The principal operation for carrying out the Fourier analysis on a computer is the discrete Fourier transform (DFT) of which there is a faster version known as the Fast Fourier Transform (the FFT). The FFT can only be used if the window length – that is the number of data points that are subjected to Fourier analysis – is exactly a power of 2. In all other cases, the DFT has to be used. Since in the special case when the FFT can be used it gives exactly equivalent results to a DFT, the mathematical operation for carrying out Fourier analysis on a time signal will be referred to as the DFT, while recognising in practice that, for the sake of speed, a window length will usually be chosen that is a power of 2, thereby allowing the faster version of the DFT, the FFT, to be implemented. In R, the function for carrying out a DFT (FFT) is the function fft(). Thus the DFT of the above signal is:

r.f = fft(r)

r.f is a vector of 8 complex numbers involving the square root of minus 1. Each such complex number can be thought of as a convenient code that embodies the amplitude and phase values of the sinusoids from k = 0 to k = 7 cycles. To look at the sinusoids that were derived by Fourier analysis, their amplitude and phase values must be derived (the frequencies are already known: these are k = 0, 1, ..7). The amplitude is obtained by taking the modulus, and the phase by taking the argument of the complex number representations. In R, these two operations are carried out with the functions Mod() and Arg() respectively:

r.a = Mod(r.f) # Amplitudes

r.p = Arg(r.f) # Phases

So a plot can now be produced of the sinusoids into which the 8 random numbers were decomposed using the cr() function for plotting sinusoids: (Fig. 8.3):

par(mfrow=c(8,1)); par(mar=c(1,2,1,1))

for(j in 1:8){

cr(r.a[j], j-1, r.p[j], 8, main=paste(j-1, "cycles"), axes=F)

axis(side=2)

}

Following the earlier discussion, the amplitude of the sinusoid with frequency k = 0 cycles is a straight line, and the sinusoids at frequencies N-k are aliases of those at frequencies of k (so the sinusoids for the pairs k = 1 and k = 7; k = 2 and k = 6; k = 3 and k = 5 are the same). Also, the amplitude of the k = 0 sinusoid[1] is equal to the sum of the values of the waveform (compare sum(r) and r.a[1]).
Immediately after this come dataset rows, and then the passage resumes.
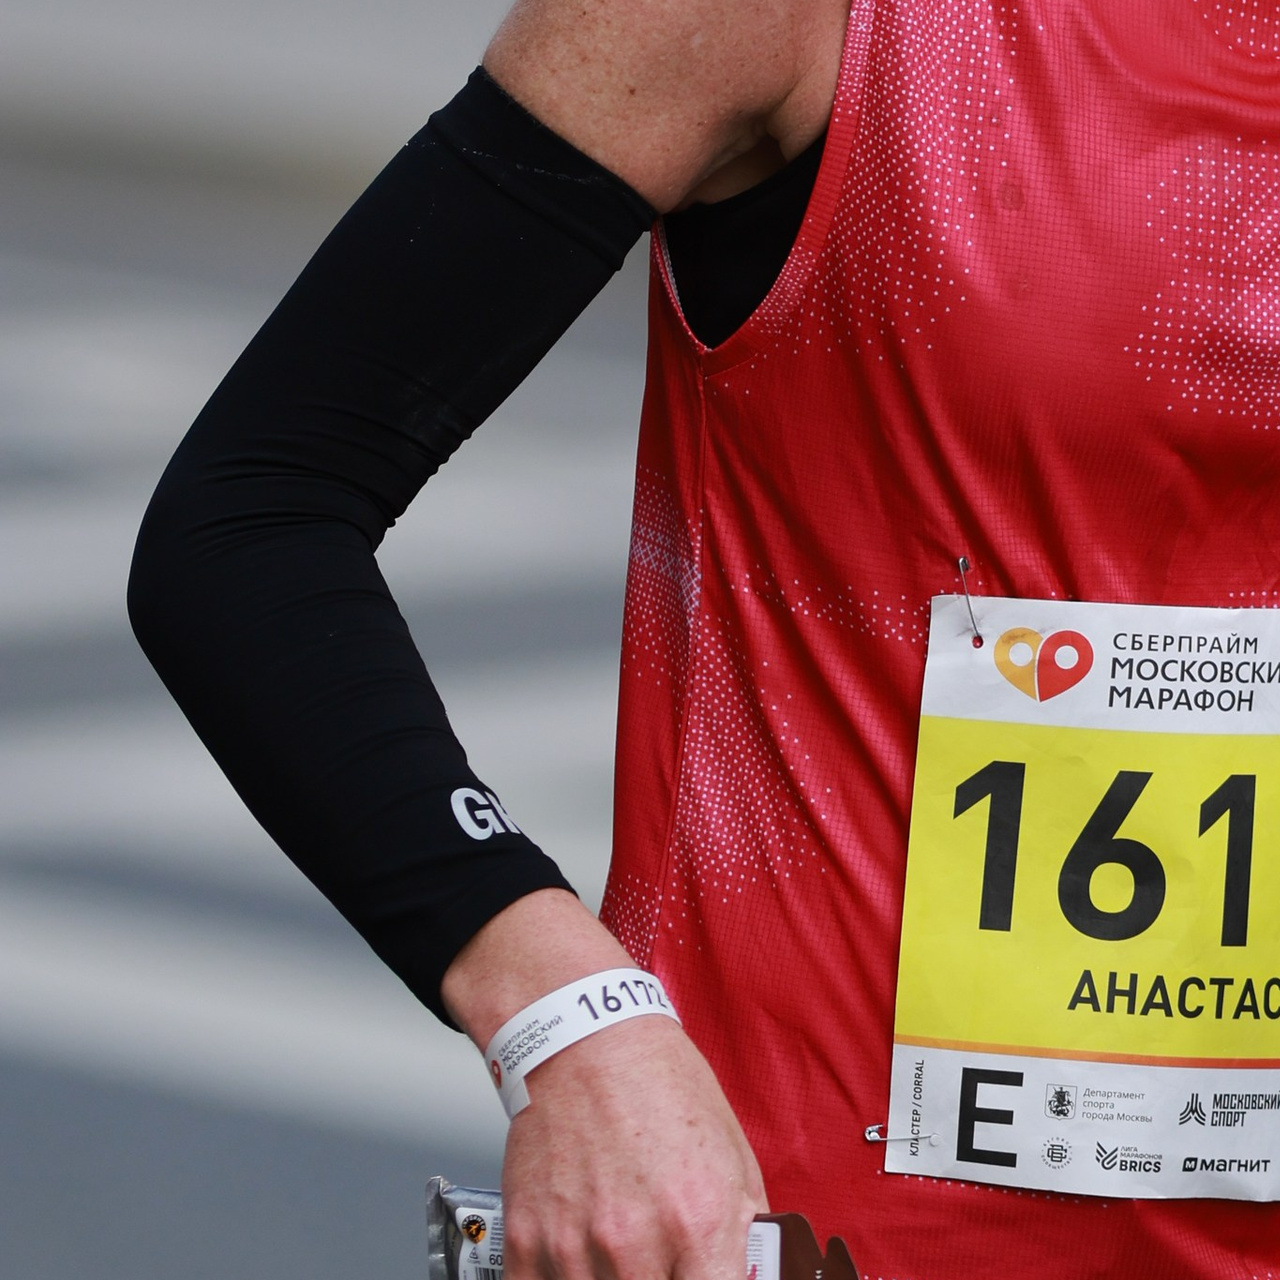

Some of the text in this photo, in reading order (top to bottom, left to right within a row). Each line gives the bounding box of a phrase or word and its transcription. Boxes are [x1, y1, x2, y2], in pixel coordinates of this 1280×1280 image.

[1113, 632, 1258, 655] СБЕРПРАЙМ
[1108, 685, 1254, 712] МАРАФОН
[450, 787, 521, 840] G
[577, 980, 668, 1021] 16172
[502, 1015, 564, 1066] МОСКОВСКИЙ
[506, 1036, 550, 1075] МАРАФОН
[914, 1059, 925, 1100] CORRAL
[1082, 1101, 1115, 1111] спорта
[1083, 1088, 1145, 1100] Департамент
[1082, 1112, 1153, 1123] города Москвы
[1211, 1111, 1246, 1127] СПОРТ
[909, 1109, 923, 1157] КЛАСТЕР
[1119, 1160, 1161, 1173] BRICS
[1120, 1152, 1163, 1160] МАРАФОНОВ
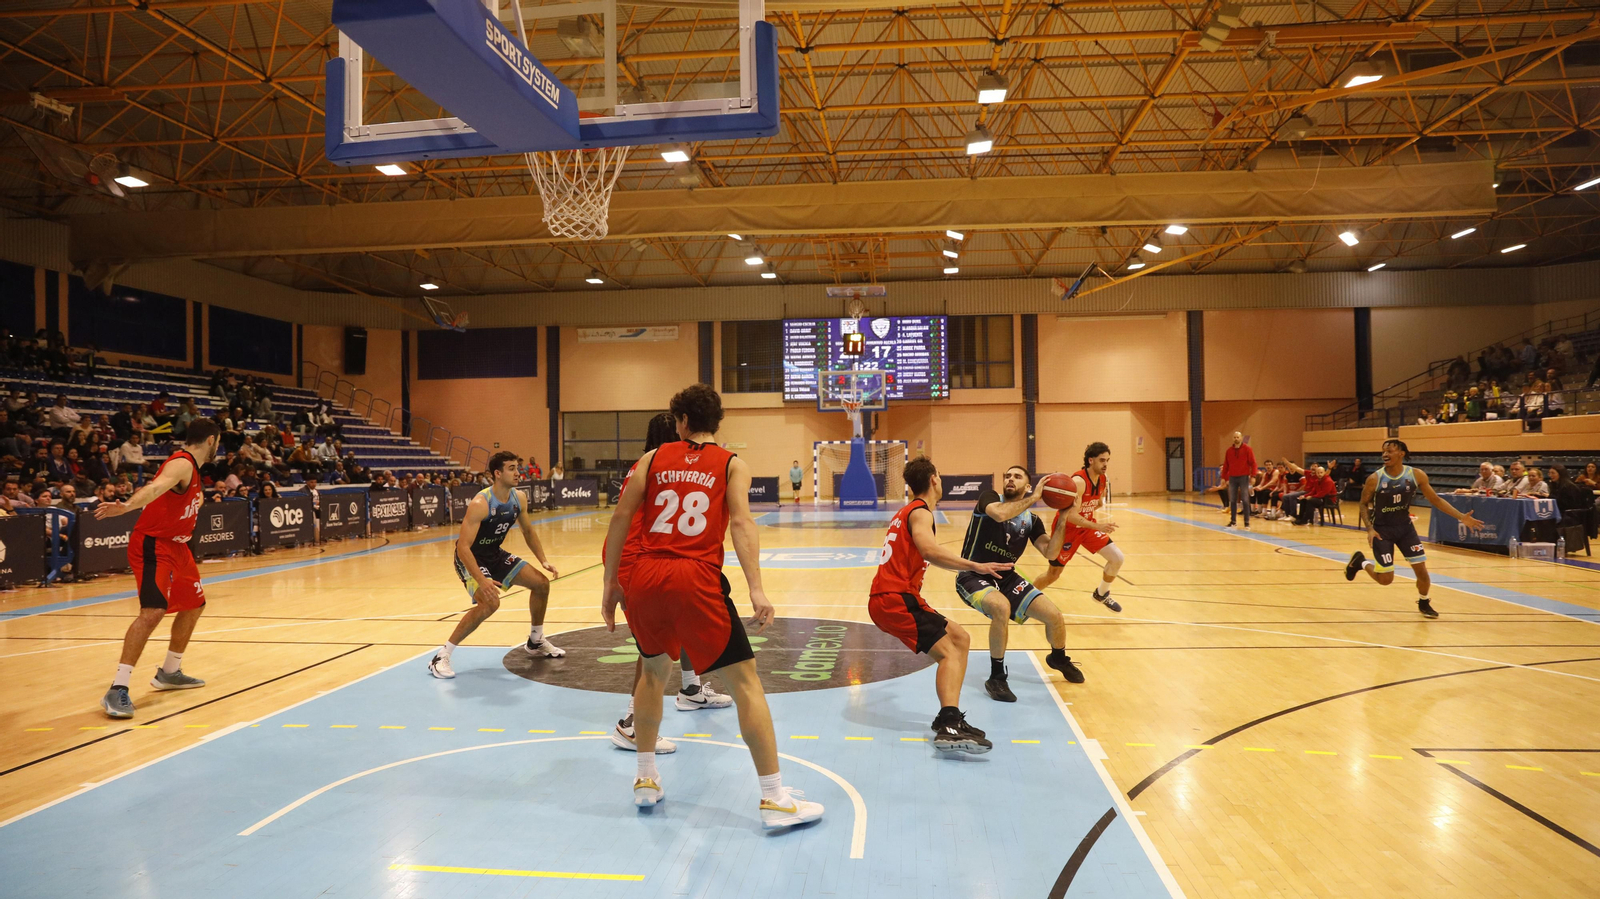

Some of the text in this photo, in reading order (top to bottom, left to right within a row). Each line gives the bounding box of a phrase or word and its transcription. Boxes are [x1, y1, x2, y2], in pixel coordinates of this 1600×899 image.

[486, 18, 560, 104] SPORT SYSTEM
[872, 346, 891, 359] 17
[854, 362, 879, 370] 1:22
[655, 470, 716, 489] ECHEVERRÍA
[1393, 494, 1401, 504] 10
[284, 503, 303, 526] ice
[650, 490, 710, 536] 28
[494, 522, 510, 534] 29
[94, 533, 130, 548] surpool
[199, 532, 234, 543] ASESORES
[1382, 553, 1392, 564] 10
[770, 625, 848, 681] damex.io
Carrying out Fourier synthesis involves summing the sinusoids in Fig. 8.3, an operation which should exactly reconstruct the original random number signal. However, since the results of a DFT are inflated by the length of the window – that is by the length of the signal to which Fourier analysis was applied - what we get back is N times the values of the original signal. So to reconstruct the original signal, the length of window has to be normalised by dividing by N (by 8 in this case). The summation of the sinusoids can also be done with the same cr() function:

# Sum the sinuoids and divide by N

summed = cr(r.a, 0:7, r.p, 8, values=T)/8

Rounding errors apart, summed and the original signal r are the same, as can be verified by subtracting one from the other. However, the usual way of doing Fourier synthesis in digital signal processing is to carry out an inverse Fourier transform on the complex numbers and in R this is also done with the fft() function by including the argument inverse=T. The result is something that looks like a vector of complex numbers, but in fact the so-called imaginary part, involving the square root of minus one, is in all cases zero. To get the vector in a form without the +0i, take the real part using the Re() function:

# Inverse Fourier transform and normalise for the length of the signal

summed2 = Re(fft(r.f, inverse=T))/8

There is thus equivalence between the original waveform of 8 random numbers, r, summed2 obtained with an inverse Fourier transform, and summed obtained by summing the sinusoids.

8.1.3 Amplitude spectrum

An amplitude spectrum, or just spectrum, is a plot of the sinusoids' amplitudes values as a function of frequency. A phase spectrum is a plot of their phase values as a function of frequency. (This Chapter will only be concerned with amplitude spectra, since phase spectra do not contribute a great deal, if anything, to the distinction between most phonetic categories). Since the information above k = N/2 is, as discussed in 8.1.1, replicated in the bottom part of the spectrum, it is usually discarded. Here then is the (amplitude) spectrum for these 8 random numbers up to and including k = N/2 cycles (normalised for the length of the window). In the commands below, the Emu-R function as.spectral() does nothing more than to make the objects of class 'spectral' so that various functions like plot() can handle them appropriately[2].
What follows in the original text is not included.